En un capítulo de su nuevo informe económico anual, una nueva publicación lanzada este año y del que adelantó este domingo una parte, el Banco de Pagos Internacionales (BIS, por su sigla en inglés) hace hincapié “en que el aumento de criptomonedas y criptoactivos exige redibujar los límites reguladores”.

“Estos límites necesitan encajar una nueva realidad en la que las líneas que delimitan las responsabilidades de diferentes reguladores en las jurisdicciones se han vuelto cada vez más borrosas”, dice el BIS en el informe que publicará en su totalidad el próximo 24 de junio.

“Dado que las criptomonedas son globales por naturaleza, sólo una regulación coordinada globalmente tiene posibilidad de ser efectiva”, según el banco de los bancos centrales, cuya sede está en la ciudad suiza de Basilea.

El BIS presenta este año un informe anual renovado que repasa sus actividades y sus resultados financieros durante el último ejercicio, y traslada el tradicional análisis de la economía mundial al nuevo informe económico anual.

“El modelo de generación de confianza en el que se basan las criptomonedas limita su capacidad de sustituir al dinero convencional”, sostiene el BIS.

El BIS afirma que “la tecnología descentralizada en la que se basan los tokens digitales privados no puede remplazar al sistema de bancos centrales”.

“El uso de las actuales criptomonedas se hace más laborioso conforme aumenta el número de usuarios, a diferencia del dinero convencional, que funciona mejor cuantas más personas lo utilizan y confían en él”, añade la entidad.

“Las criptomonedas prometen mucho, pero no siempre cumplen. El dinero tiene valor en la medida en que cuenta con usuarios. Sin usuarios, sería inservible, ya se trata de un trozo de papel con un rostro insigne o de una moneda digital”, declaró el asesor económico y jefe de Estudios del BIS, Hyun Song Shin, al presentar el artículo.

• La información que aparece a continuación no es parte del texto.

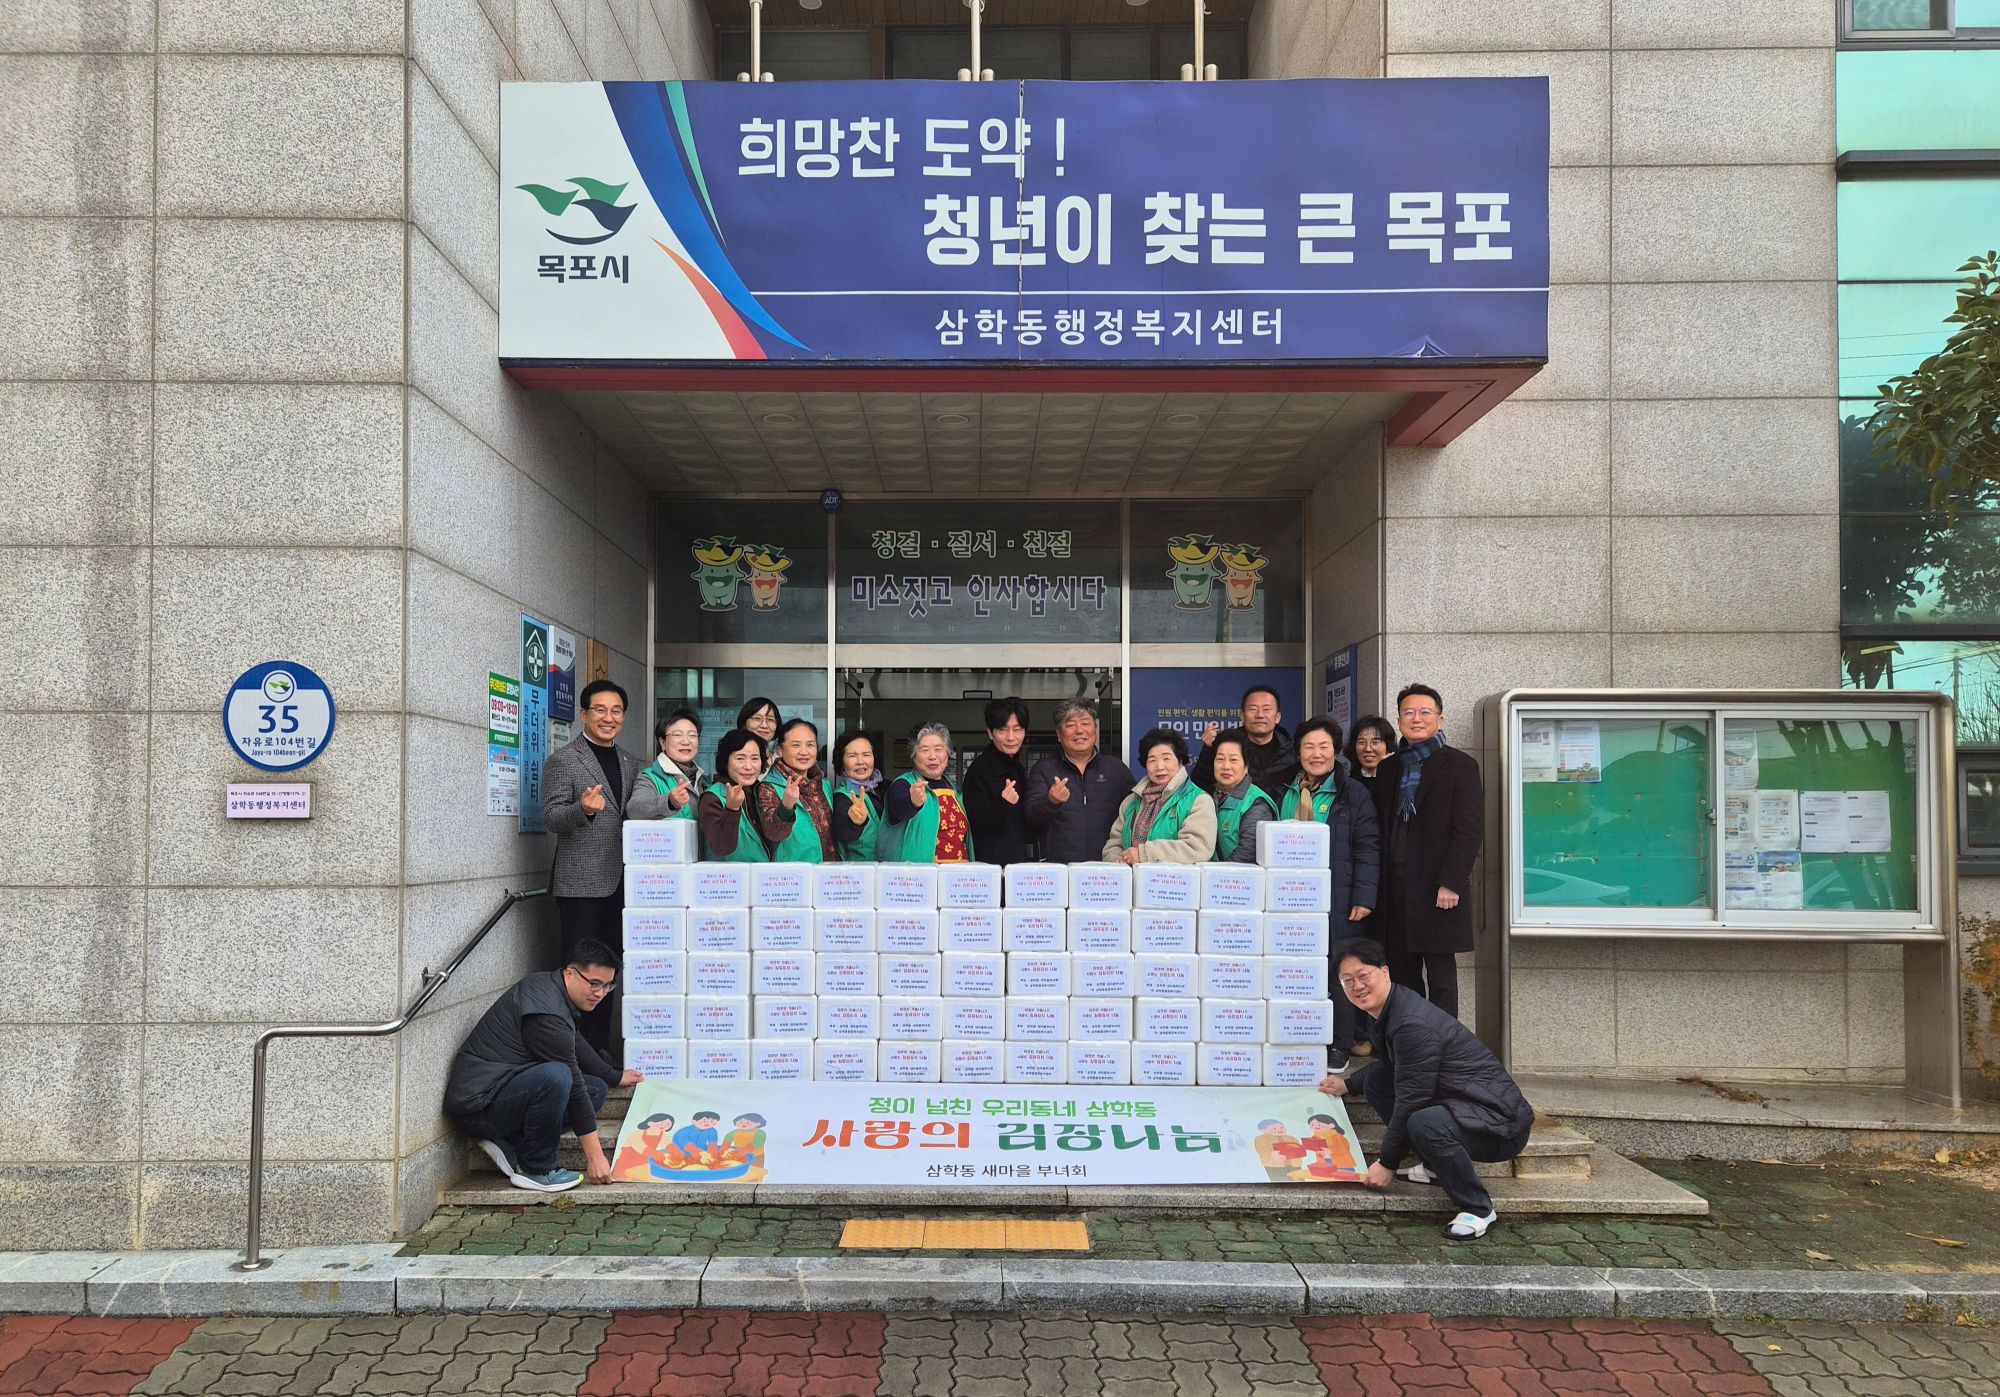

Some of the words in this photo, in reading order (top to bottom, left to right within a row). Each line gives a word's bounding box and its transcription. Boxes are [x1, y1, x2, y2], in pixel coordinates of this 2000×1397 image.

Cuanta más gente acepta el dinero como tal, más gente lo quiere utilizar, pero las criptomonedas no funcionan así, sino que cuanto más se ofrece al minero, que es el sistema de confirmación de las transacciones en una red de cadena de bloques, más posibilidades hay de que la transacción sea procesada y se ejecute el pago.

Además, las tasas por transacción varían mucho, por ejemplo, en diciembre del 2017, en el caso del bitcoin llegaron a 57 dólares, de modo que para pagar un café de 2 dólares habría que añadir esa tasa, según el BIS.

Esto ocurre porque mucha gente tiene criptomonedas como activos y no como dinero, eso crea congestiones y además hay que pagar por mantener esos activos.

Desastre medioambiental

El BIS también alertó del desastre medioambiental que suponen por el gigantesco consumo de energía que requiere hacer una transacción descentralizada que usa la criptografía para que sean anónimas.

Sólo ordenadores muy potentes pueden verificar la entrada de transacciones, por lo que no son adecuadas para realizar pagos diarios minoristas.

Su valor es muy inestable porque no tienen el respaldo de un banco central emisor con un mandato que garantice la estabilidad de la moneda y, por ello, la fluctuación de la demanda se traduce en cambios en su valor, que son extremadamente volátiles, añaden.

Estas monedas se han usado con frecuencia para actividades ilegales, “pero como son anónimas, es difícil cuantificar en qué medida se usan para evitar controles de capital o impuestos o para dedicarse a transacciones ilegales”, según el BIS.

Pero la fuerte reacción de mercado del bitcoin al cierre de la Ruta de la Seda, que fue un mercado negro de drogas en Internet, sugiere al BIS que una parte importante de la demanda de criptomonedas deriva de actividades ilegales.

El BIS también considera necesario observar la evolución de las criptomonedas para garantizar la estabilidad del sistema financiero y proteger al consumidor.